┌─ DATA PROVIDED

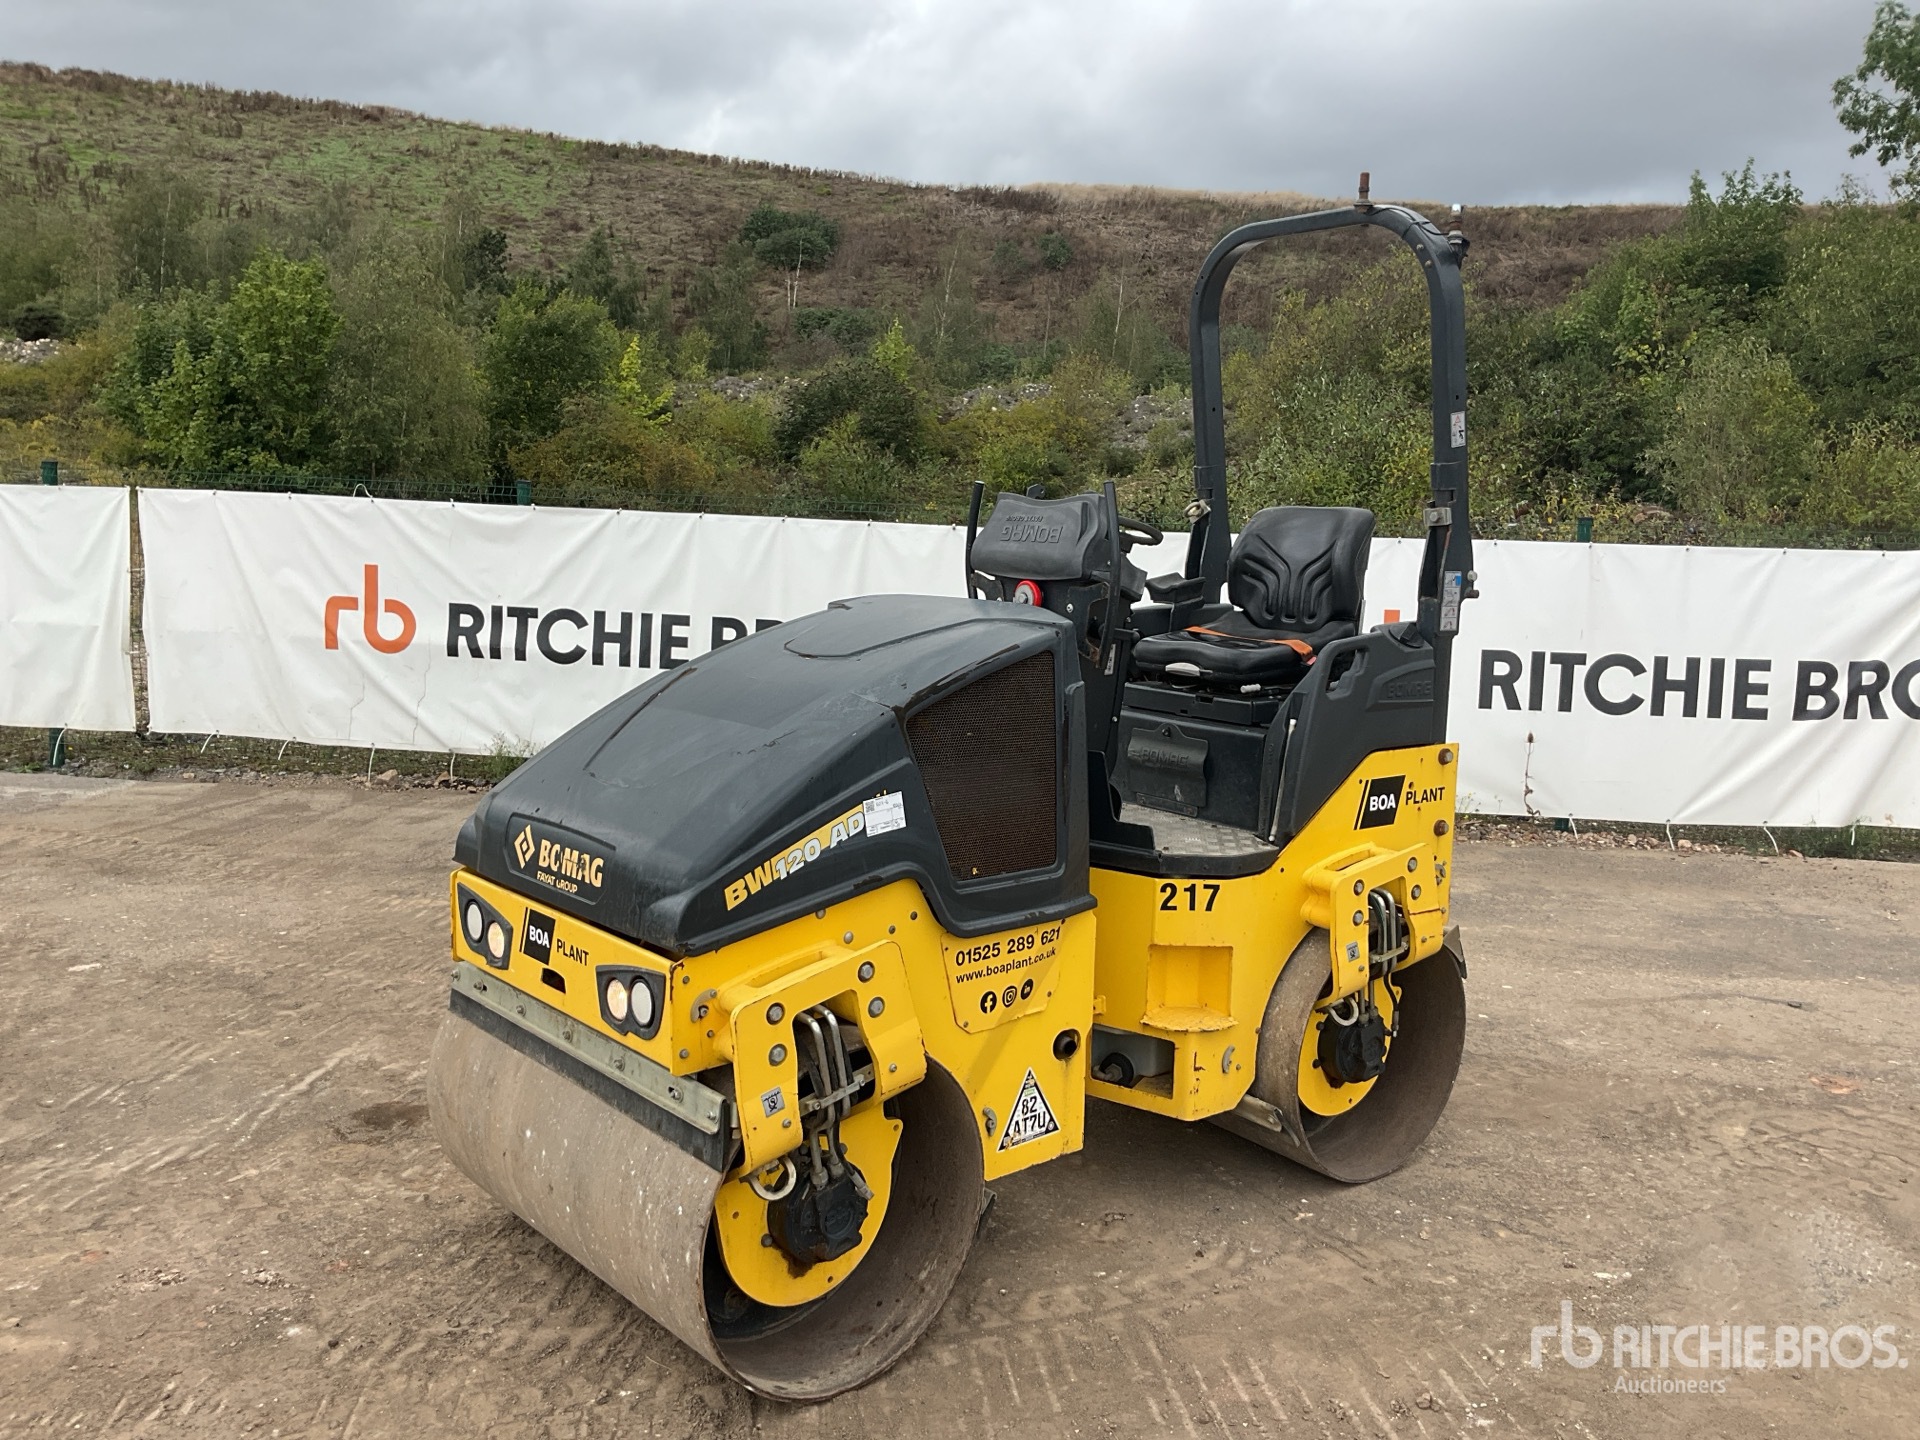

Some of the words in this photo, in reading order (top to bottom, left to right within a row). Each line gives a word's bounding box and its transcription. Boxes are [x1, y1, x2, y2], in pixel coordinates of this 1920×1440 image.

[447, 602, 691, 669] RITCHIE
[1478, 649, 1772, 720] RITCHIE
[1369, 793, 1396, 812] BOA
[1405, 786, 1445, 806] PLANT
[536, 871, 555, 886] FAYAT
[556, 880, 578, 894] GROUP
[1160, 882, 1221, 912] 217
[529, 925, 550, 949] BOA
[556, 938, 590, 966] PLANT
[955, 942, 1001, 967] 01525
[1007, 934, 1035, 954] 289
[1041, 926, 1061, 945] 621
[956, 947, 1056, 984] www.boaplant.co.uk
[1022, 1096, 1037, 1116] 82
[1013, 1111, 1046, 1137] AT7U
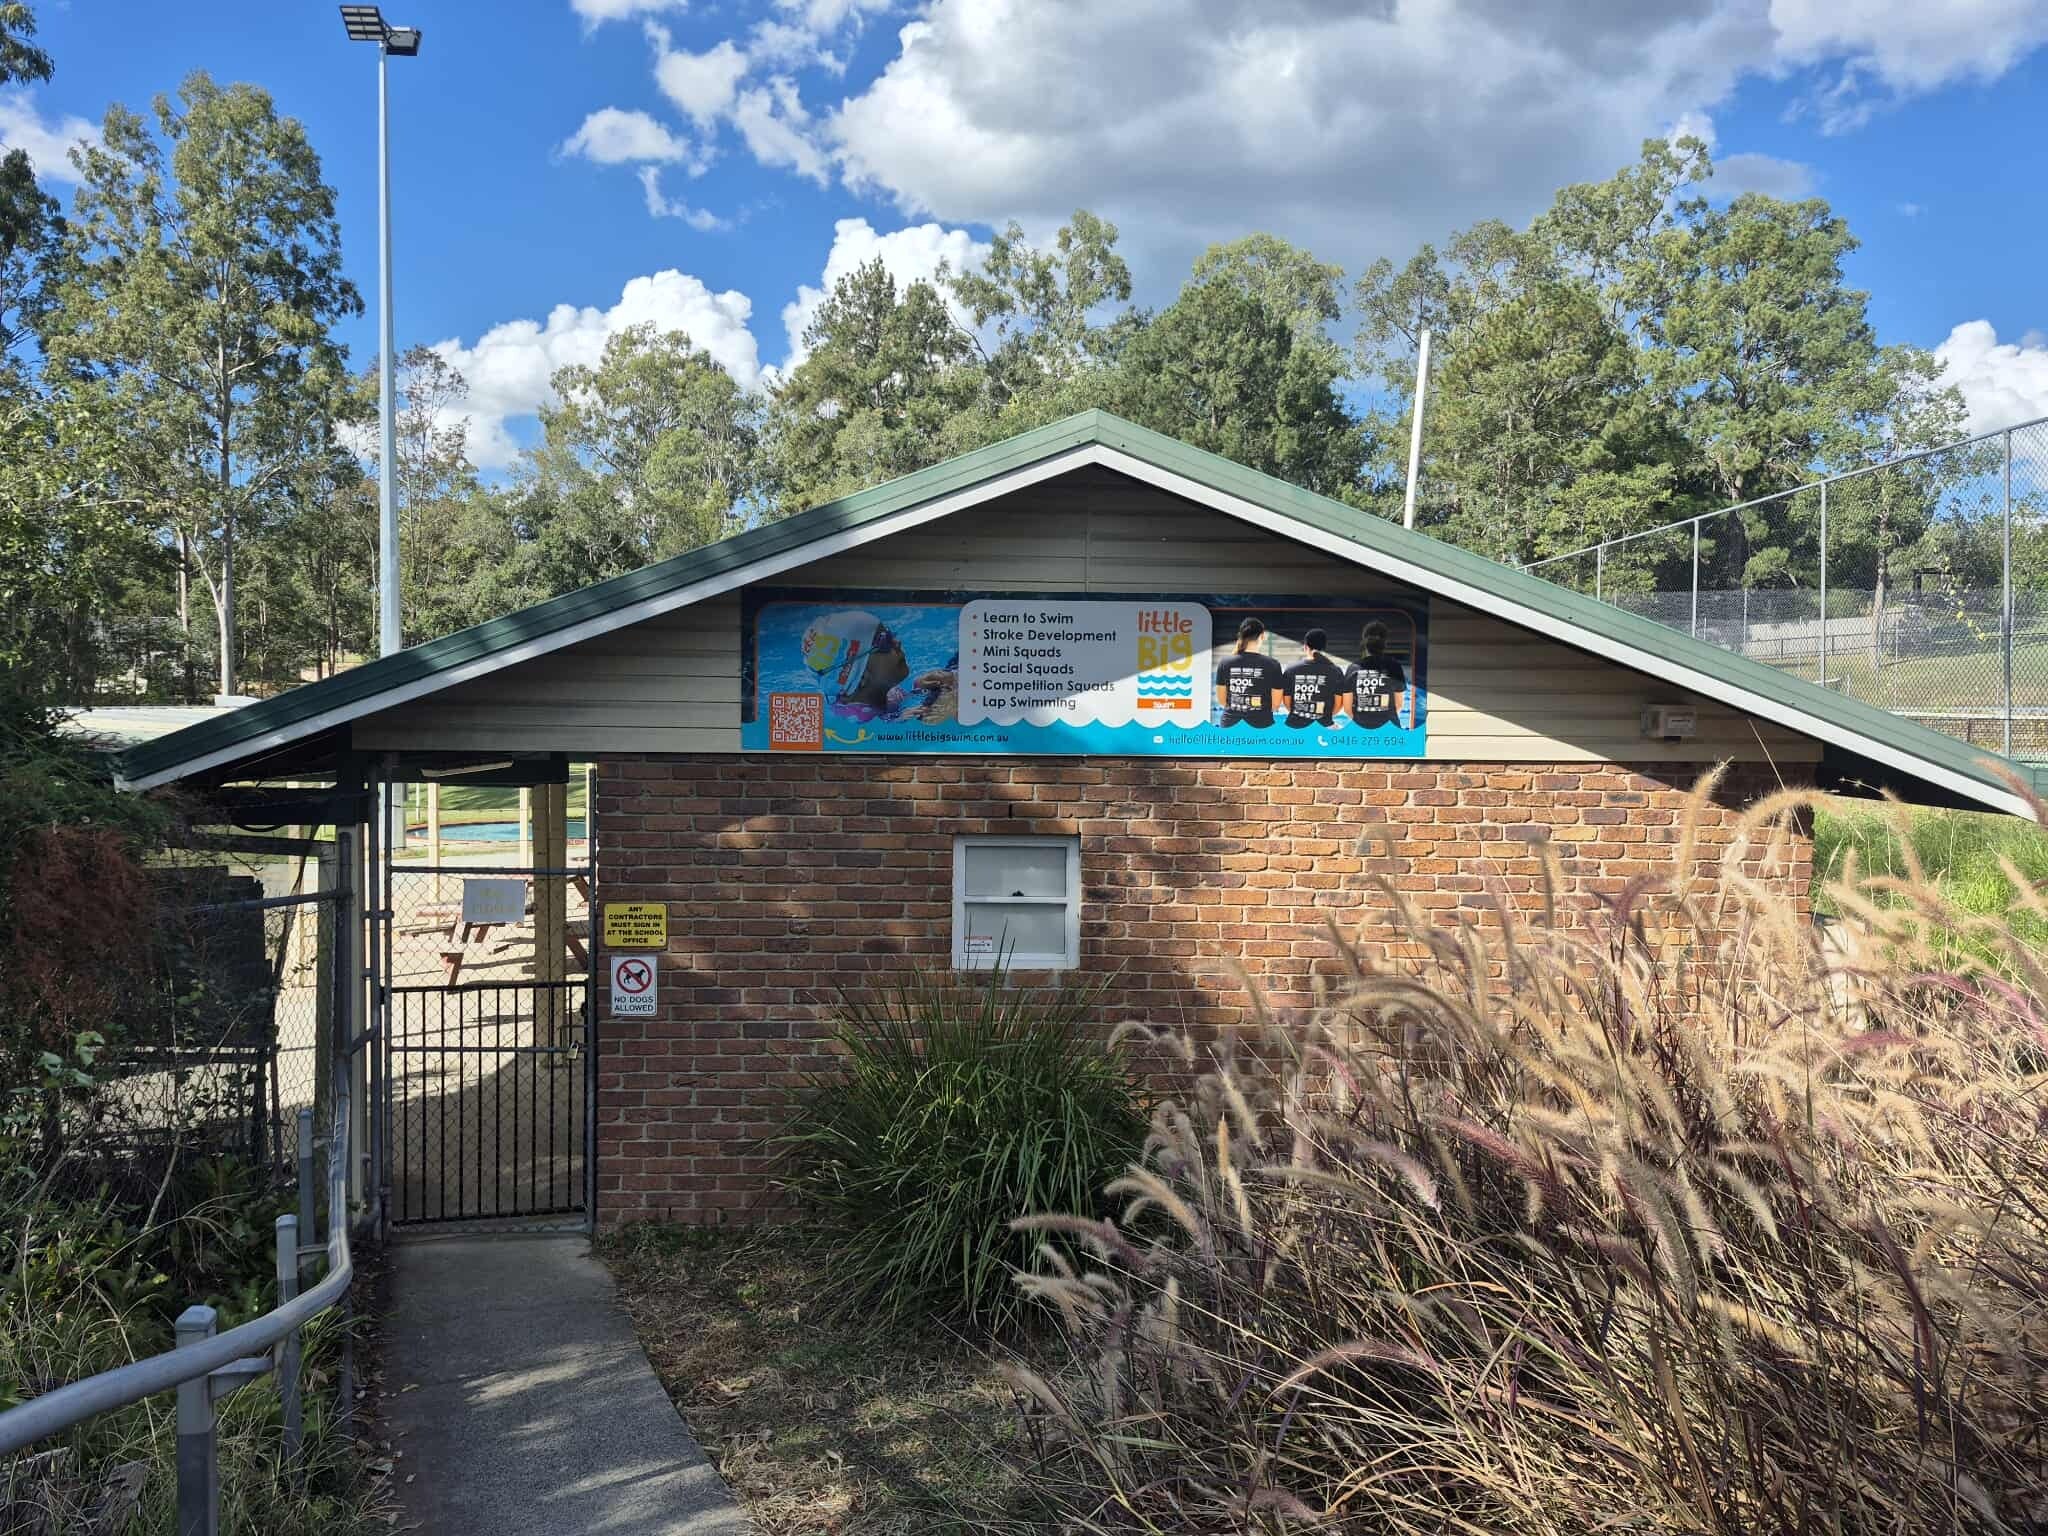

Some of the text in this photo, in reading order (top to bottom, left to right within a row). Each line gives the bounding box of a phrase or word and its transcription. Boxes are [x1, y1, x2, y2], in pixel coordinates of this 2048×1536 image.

[983, 612, 1074, 624] Learn to Swim
[1137, 609, 1193, 633] little
[983, 628, 1117, 643] Stroke Development
[983, 646, 1062, 660] Mini Squads
[1137, 634, 1193, 671] Big
[983, 662, 1074, 677] Social Squads
[983, 679, 1115, 694] Competition Squads
[1230, 678, 1254, 687] POOL
[1356, 678, 1385, 687] POOL
[1229, 686, 1247, 694] RAT
[1294, 684, 1321, 694] POOL
[1356, 686, 1377, 695] RAT
[983, 696, 1076, 710] Lap Swimming
[1294, 693, 1312, 702] RAT
[614, 996, 654, 1004] NO DOGS
[614, 1004, 654, 1012] ALLOWED

└─

All the records need to be retyped word for word, except for the pictures.

Some of the words in this photo, in reading order (top to bottom, left to right within a row). Each line gives a word's bounding box and its transcription. Boxes are [x1, y1, x2, y2], in pixel coordinates of this 1920×1440 image.

[447, 602, 691, 669] RITCHIE
[1478, 649, 1772, 720] RITCHIE
[1369, 793, 1396, 812] BOA
[1405, 786, 1445, 806] PLANT
[536, 871, 555, 886] FAYAT
[556, 880, 578, 894] GROUP
[1160, 882, 1221, 912] 217
[529, 925, 550, 949] BOA
[556, 938, 590, 966] PLANT
[955, 942, 1001, 967] 01525
[1007, 934, 1035, 954] 289
[1041, 926, 1061, 945] 621
[956, 947, 1056, 984] www.boaplant.co.uk
[1022, 1096, 1037, 1116] 82
[1013, 1111, 1046, 1137] AT7U

Some of the text in this photo, in reading order (top to bottom, left to right within a row). Each line gives the bounding box of a phrase or word and its transcription. Boxes are [x1, y1, x2, y2], in pixel coordinates of this 2048×1536 image.

[983, 612, 1074, 624] Learn to Swim
[1137, 609, 1193, 633] little
[983, 628, 1117, 643] Stroke Development
[983, 646, 1062, 660] Mini Squads
[1137, 634, 1193, 671] Big
[983, 662, 1074, 677] Social Squads
[983, 679, 1115, 694] Competition Squads
[1230, 678, 1254, 687] POOL
[1356, 678, 1385, 687] POOL
[1229, 686, 1247, 694] RAT
[1294, 684, 1321, 694] POOL
[1356, 686, 1377, 695] RAT
[983, 696, 1076, 710] Lap Swimming
[1294, 693, 1312, 702] RAT
[614, 996, 654, 1004] NO DOGS
[614, 1004, 654, 1012] ALLOWED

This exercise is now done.